The noise of the assault on the William's home had awakened the seven guards sleeping in the house next door. When the raiders attempted to rush that building the militia shot down at least one of the attackers, forcing them into a costly firefight. 
The same confrontations were repeated inside the stockade, with the raiders suffering 2 Frenchmen and 9 Indians killed, and another 22 wounded, including Jean-Baptiste and one of his brothers. They had killed 39 villagers, and captured 112 prisoners. But the village remained, although almost half the  homes had been burned, and reinforcements were rushing to their relief. Fitting the adult captives with snow shoes and carrying the younger children on their shoulders through the 3 foot deep snow, Lt. Hertel's wounded force began to limp back to Canada.  Jean-Baptiste would now be forever known as “The Sacker of Deerfield”.
At least seven prisoners died within 48 hours – a male black slave murdered for sport by drunken Indians on the first night, two separate infants dashed against trees when the mothers could not keep up, two young girls and two adult women, including Reverend William's wife, all clubbed to death because they could not maintain the 12 miles a day demanded by the raiders. The raiders were forced to pause several times to bury their own, who had died from their wounds. In all, out of the 112 captives, 21 died and were murdered on the seven week long march back to Fort Chamby.  French and Indian losses must have at least equaled that number.

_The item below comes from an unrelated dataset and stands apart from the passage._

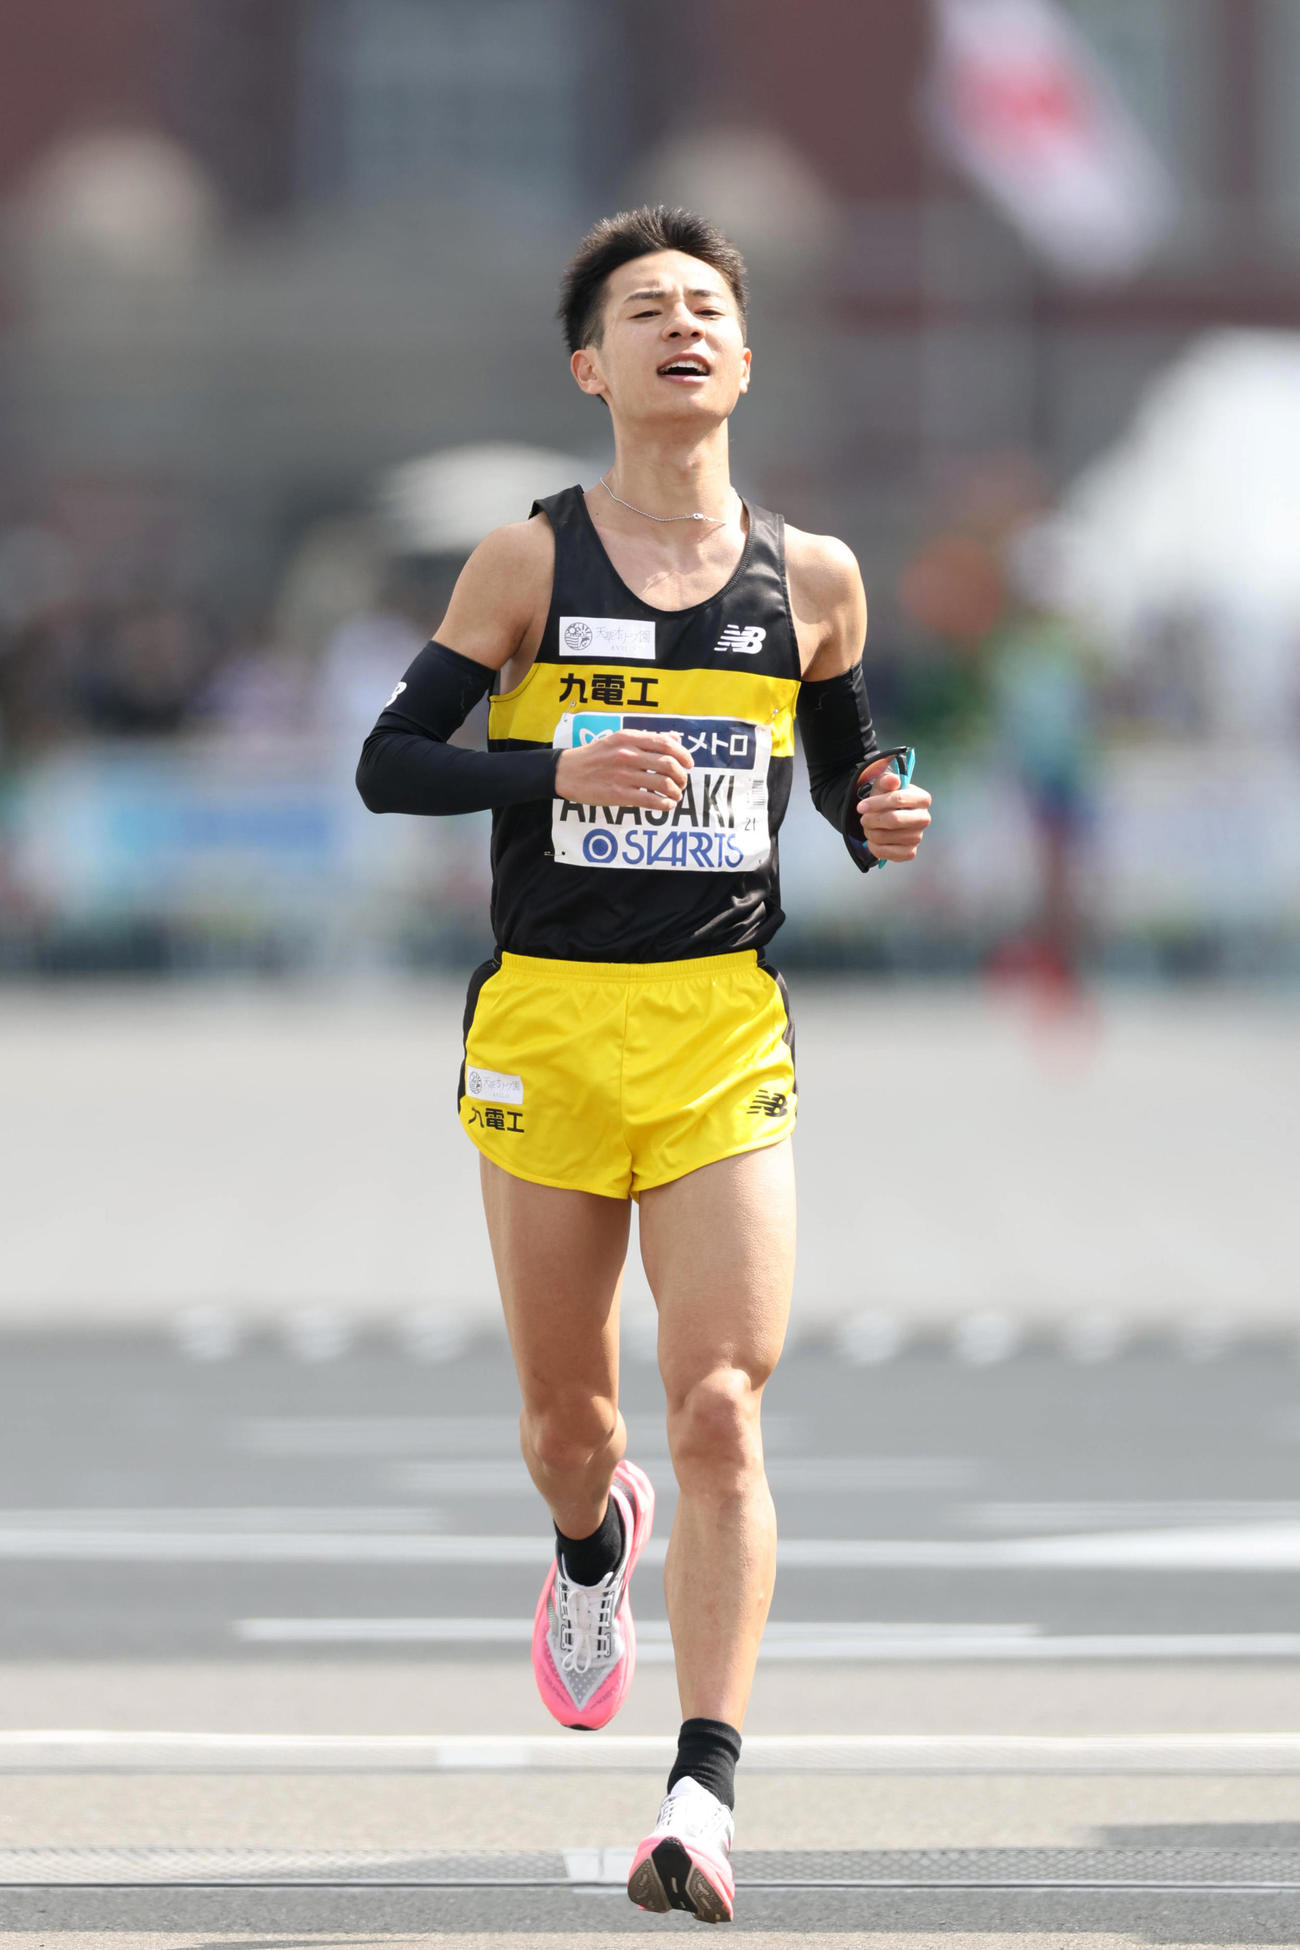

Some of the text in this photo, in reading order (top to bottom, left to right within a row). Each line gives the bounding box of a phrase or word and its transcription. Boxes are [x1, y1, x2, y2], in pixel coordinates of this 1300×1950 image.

[559, 673, 659, 707] 九電工
[642, 730, 748, 756] メトロ
[622, 829, 744, 868] STARTS

Governor General Vaudreuil would try to put the best face on “The Deerfield Masacure”,  but the raid proved to a political embarrassment  for New France. The French could no longer simply blame the Indians for the cruel murder of so many women and children. And because of their high causalities, the native peoples proved difficult to recruit for another raid for a few years. Worse, the Indians were beginning to realize how valuable the English hostages were for their French partners, and their prices began to go up, which meant their profitability to New France went down.
Two years later 60 of the hostages, including Reverend Williams and four of his children, were returned to New England.   William's youngest surviving child, Eunice, converted to Catholicism and was adopted into a Mohawk family. She, like many other of the younger children  chose to stay in Canada. She wrote to her father, but never visited her brothers and sisters until after their father had died, in 1721. Eunice married a Mohawk man and together they raised four children.

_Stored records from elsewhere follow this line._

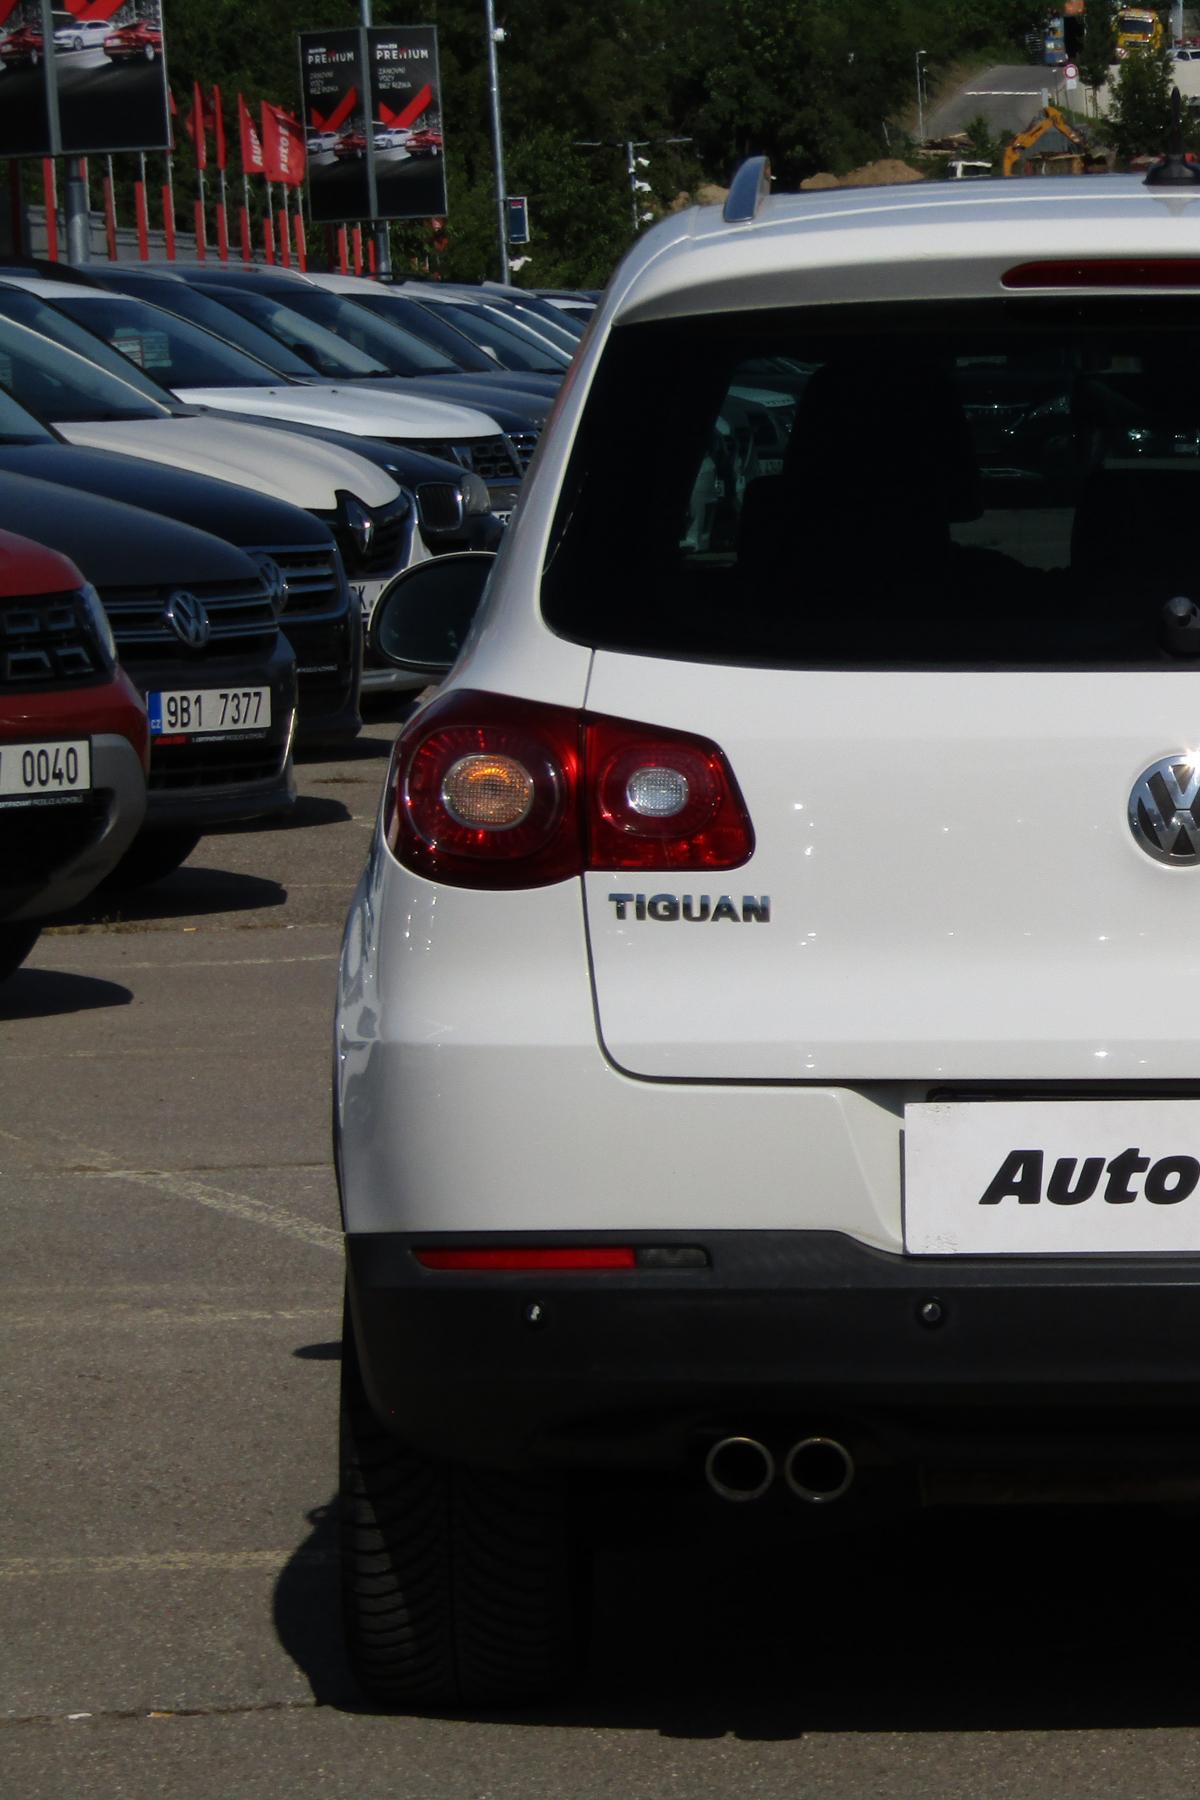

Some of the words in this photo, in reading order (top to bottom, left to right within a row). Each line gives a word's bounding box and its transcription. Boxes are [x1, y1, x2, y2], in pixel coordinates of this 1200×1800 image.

[151, 719, 162, 729] CZ
[167, 695, 202, 728] 9B1
[219, 691, 263, 727] 7377
[22, 746, 78, 788] 0040
[608, 893, 771, 923] TIGUAN

The Reverend William's book on his captivity, co-written with Cotton Mather, became one of the best selling books in colonial America. Most of “The Redeemed Captive Returning to Zion” was an attack on Catholicism. Bu in post revolutionary America, those stories which dealt with William's Indian captors were borrowed by James Fenimore Cooper, and incorporated into that author's 1826 classic, “The Last of the Mohicans”
Jean-Baptiste Hertel never led another raid by himself, and within a few years was quietly assigned other duties. In 1713 he was finally promoted to Captain, but that was as far as he got. He died in 1721, just a month after his terrorist trainer, 80 year Joseph-Francois Hertel, also died.    The acolyte of terror, his father's son, “The Sacker of Deerfield”, was just 54 years old, and offers a troubling hero for modern day French Canadians.